The first pentode super-regen receiver to be described on this site.
The first pentode super-regen receiver to be described on this site.
Continuing with the series of super-regenerative receivers using different valves, the latest version uses the 6AM6 pentode. It's the first design to be presented here using a pentode; all valve versions so far have used triodes. Apart from having a large quantity of 6AM6's in my collection, it was felt that a greater audio output should be available by using a pentode. Unfortunately, as will become evident later, this was not acheived.
Introducing the 6AM6/EF91.
The 6AM6 is a pentode intended for operating
up to VHF. It was released post-war, and was a very popular valve in the
UK. It is also commonly known as the EF91 in the European numbering system,
and the services type number CV138 and CV4014.
I suggest reading this
well written article to learn more about the 6AM6 and its multitude
of type numbers.
In terms of consumer equipment, the 6AM6
found itself used mostly in TV receivers and FM receivers during the 1950's
in the UK. In Australia, it was used as a video IF amplifier in at least
one TV, made by Healing. Most of the examples of this valve found in Australia,
however, appear to have come from British made military equipment sold
on the disposals market. I cannot recall any U.S. designed equipment using
this valve.
From the STC Brimar data.
Using the 6AM6 as a Super-Regenerative
Receiver.
While the 6AM6 could have simply been
wired as a triode, and used as per the other circuits so far described,
it felt that was a bit wasteful. A pentode connection would make full use
of the valve, and provide greater audio output.

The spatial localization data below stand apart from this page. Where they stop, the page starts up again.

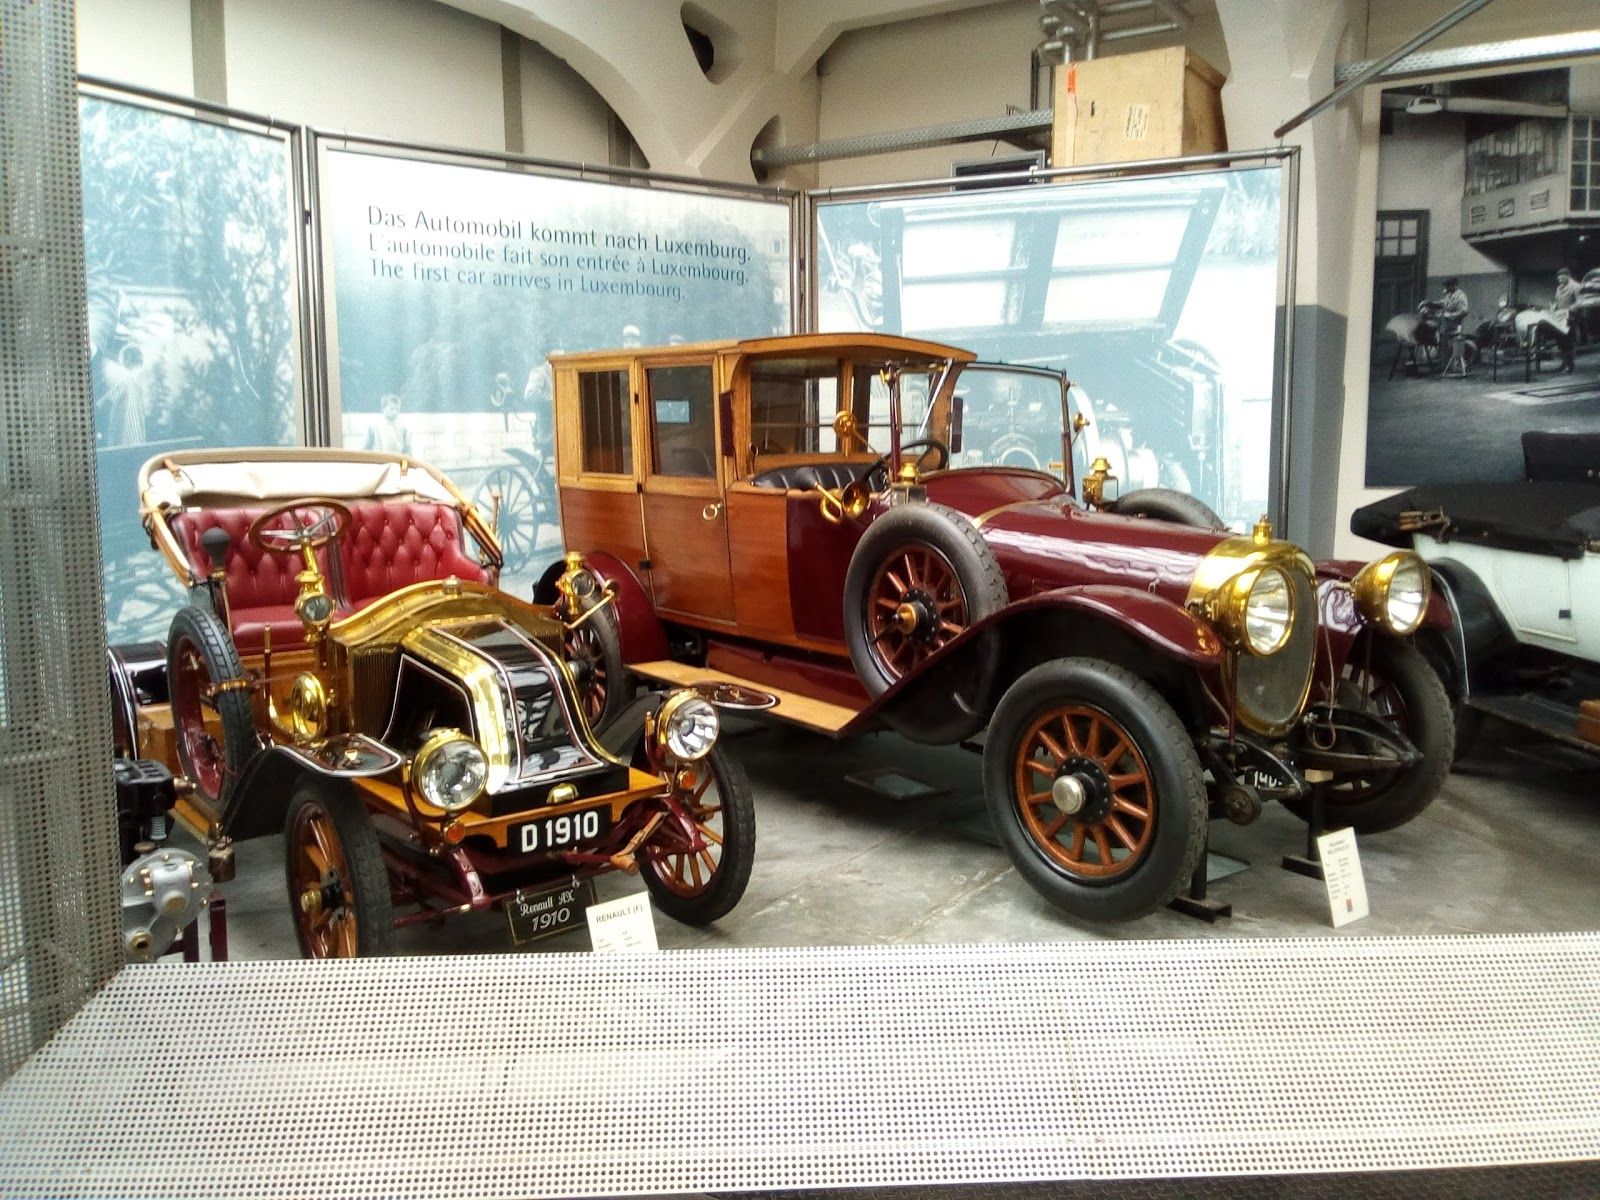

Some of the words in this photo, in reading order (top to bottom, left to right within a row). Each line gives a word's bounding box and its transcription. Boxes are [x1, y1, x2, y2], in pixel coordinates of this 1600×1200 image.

[367, 204, 406, 229] Das
[415, 210, 522, 239] Automobil
[531, 221, 596, 247] kommt
[605, 232, 648, 251] nach
[655, 234, 751, 265] Luxemburg.
[369, 257, 404, 279] The
[413, 261, 450, 283] first
[457, 269, 485, 284] car
[493, 270, 551, 290] arrives
[558, 275, 573, 291] in
[581, 275, 686, 302] Luxembourg.
[503, 244, 533, 266] fait
[540, 254, 569, 269] son
[576, 254, 630, 273] entrée
[637, 257, 646, 274] à
[652, 258, 749, 286] Luxembourg.
[521, 823, 538, 854] D
[545, 811, 599, 848] 1910
[520, 895, 554, 917] Renault
[532, 907, 571, 932] 1910
[595, 907, 632, 924] RENAULT
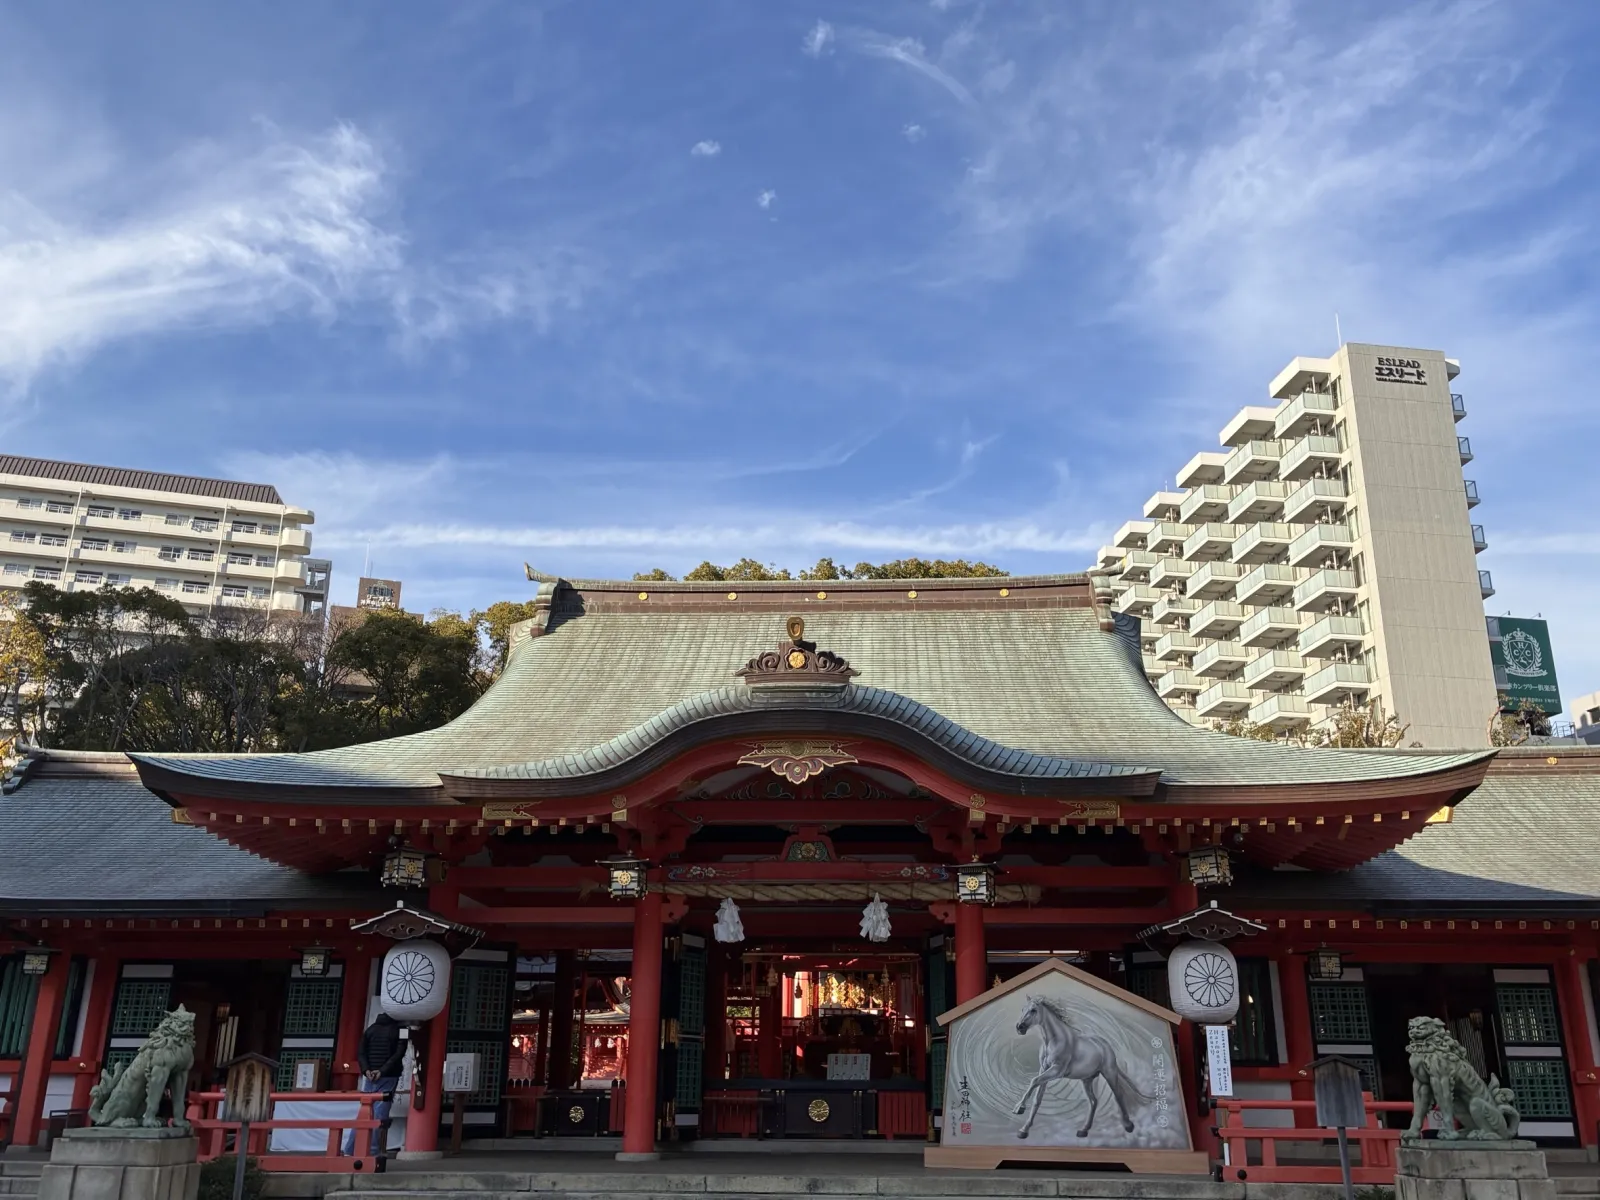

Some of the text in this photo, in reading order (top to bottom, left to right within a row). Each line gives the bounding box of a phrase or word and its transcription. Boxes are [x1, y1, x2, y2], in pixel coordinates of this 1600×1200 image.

[1377, 357, 1421, 368] ESLEAD
[1375, 366, 1426, 380] エスリード
[957, 1075, 972, 1122] 生田神社
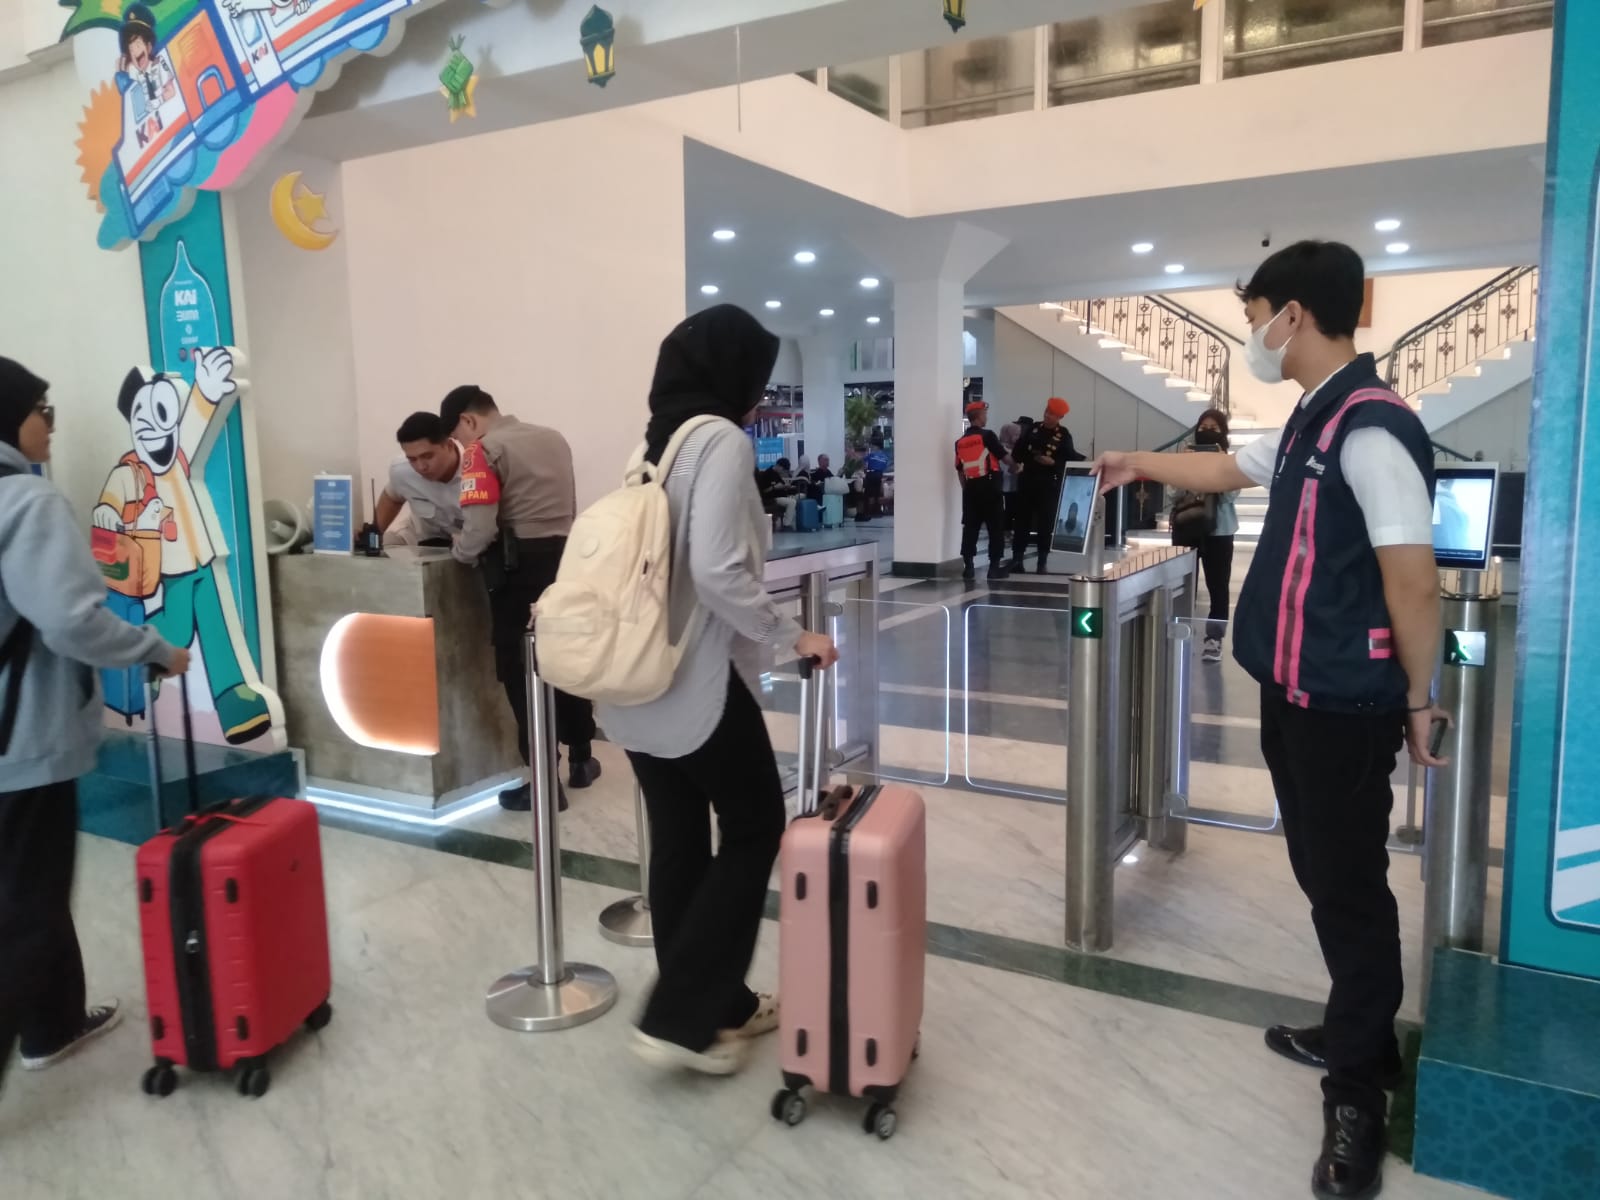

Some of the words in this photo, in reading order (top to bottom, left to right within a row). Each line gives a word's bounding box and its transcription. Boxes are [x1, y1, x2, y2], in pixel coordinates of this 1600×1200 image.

[251, 42, 269, 65] KAI
[135, 110, 164, 149] KAI
[174, 289, 198, 307] KAI
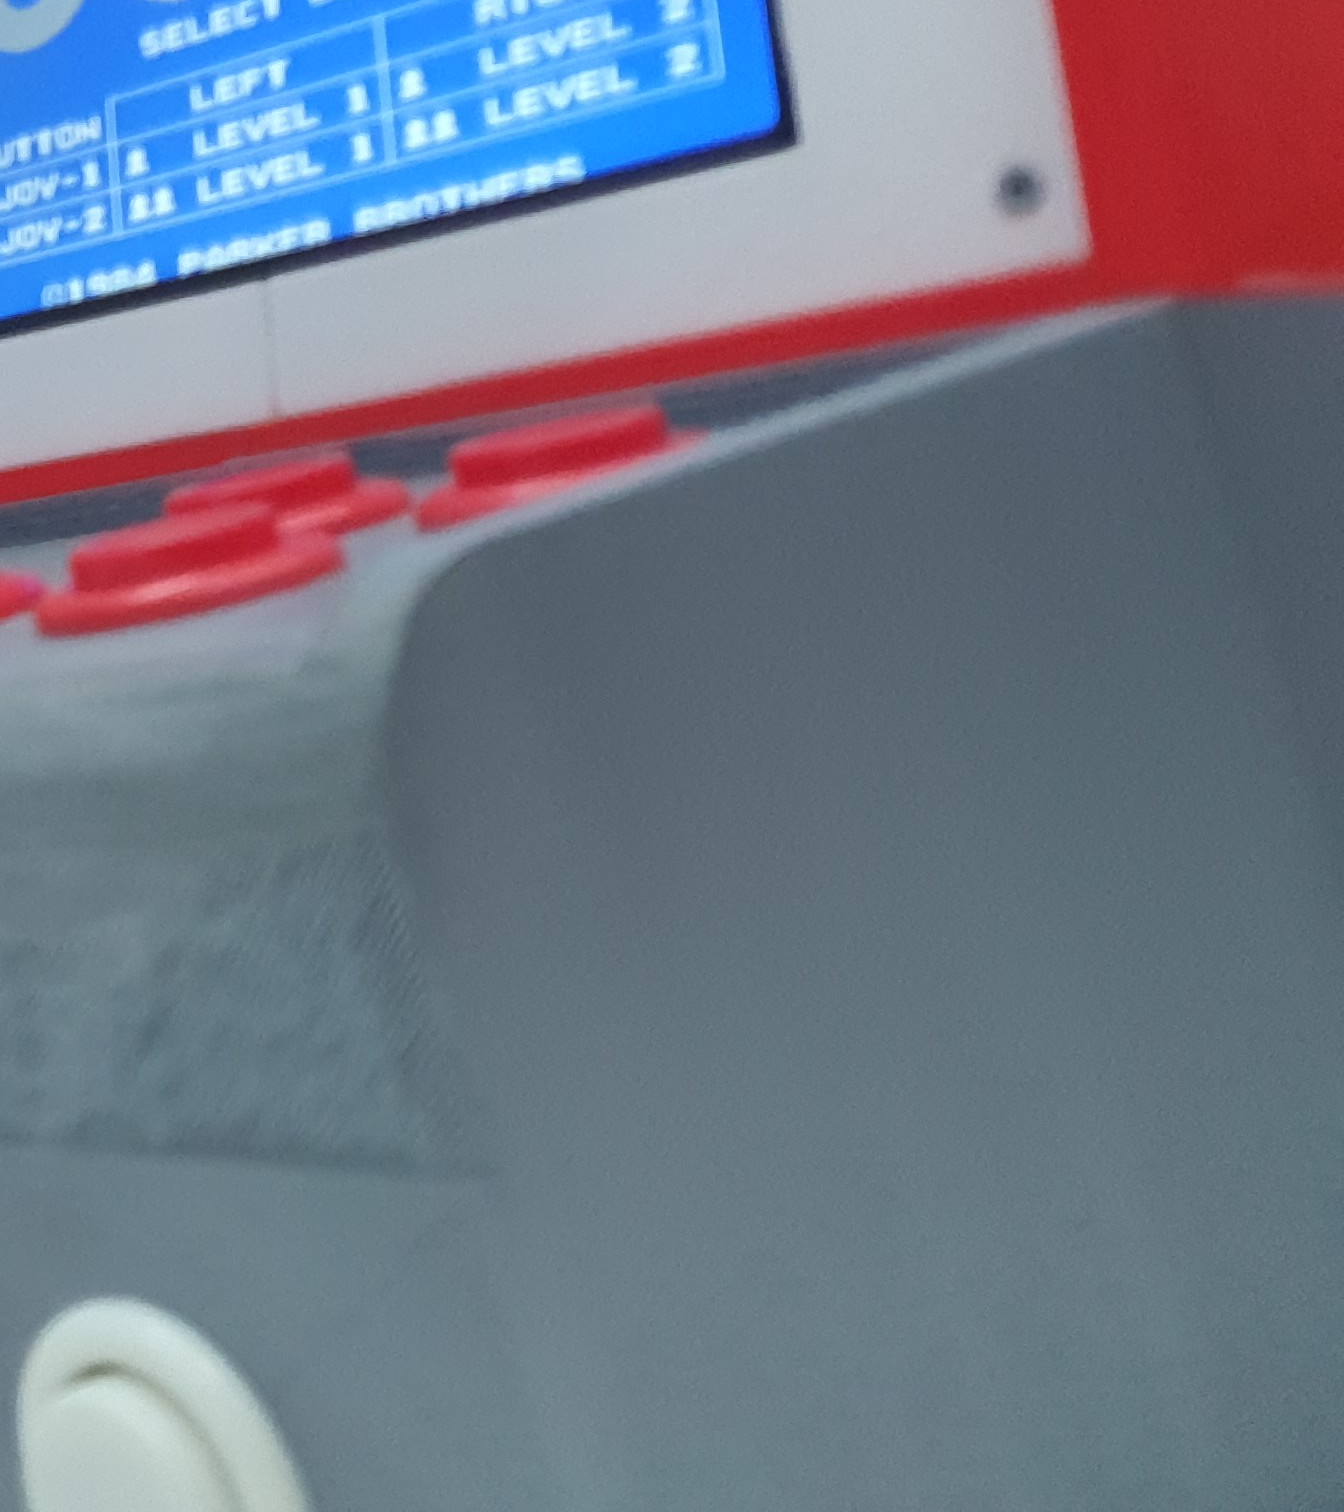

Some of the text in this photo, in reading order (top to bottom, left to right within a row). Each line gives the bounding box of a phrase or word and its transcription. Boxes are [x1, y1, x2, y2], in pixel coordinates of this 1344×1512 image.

A characteristic of pentodes is that the
cathode current remains much the same, despite a variation in plate current,
provided the screen voltage is fixed. In fact, this property is sometimes
used to create a constant current source.
For the triode circuits, the higher the
plate resistor, the higher the audio output. However, a problem occurs
in that as the plate resistor is increased, the cathode current drops off,
and we get to a point where oscillation becomes weak and unreliable.
If we use a pentode instead, the screen
grid can be fixed at a certain voltage and this determines the cathode
current. The plate resistor can be made higher without affecting oscillation.
Circuit of the basic 6AM6/EF91 Super-Regenerative Receiver. Reducing
the plate load to 150k will provide better audio frequency response.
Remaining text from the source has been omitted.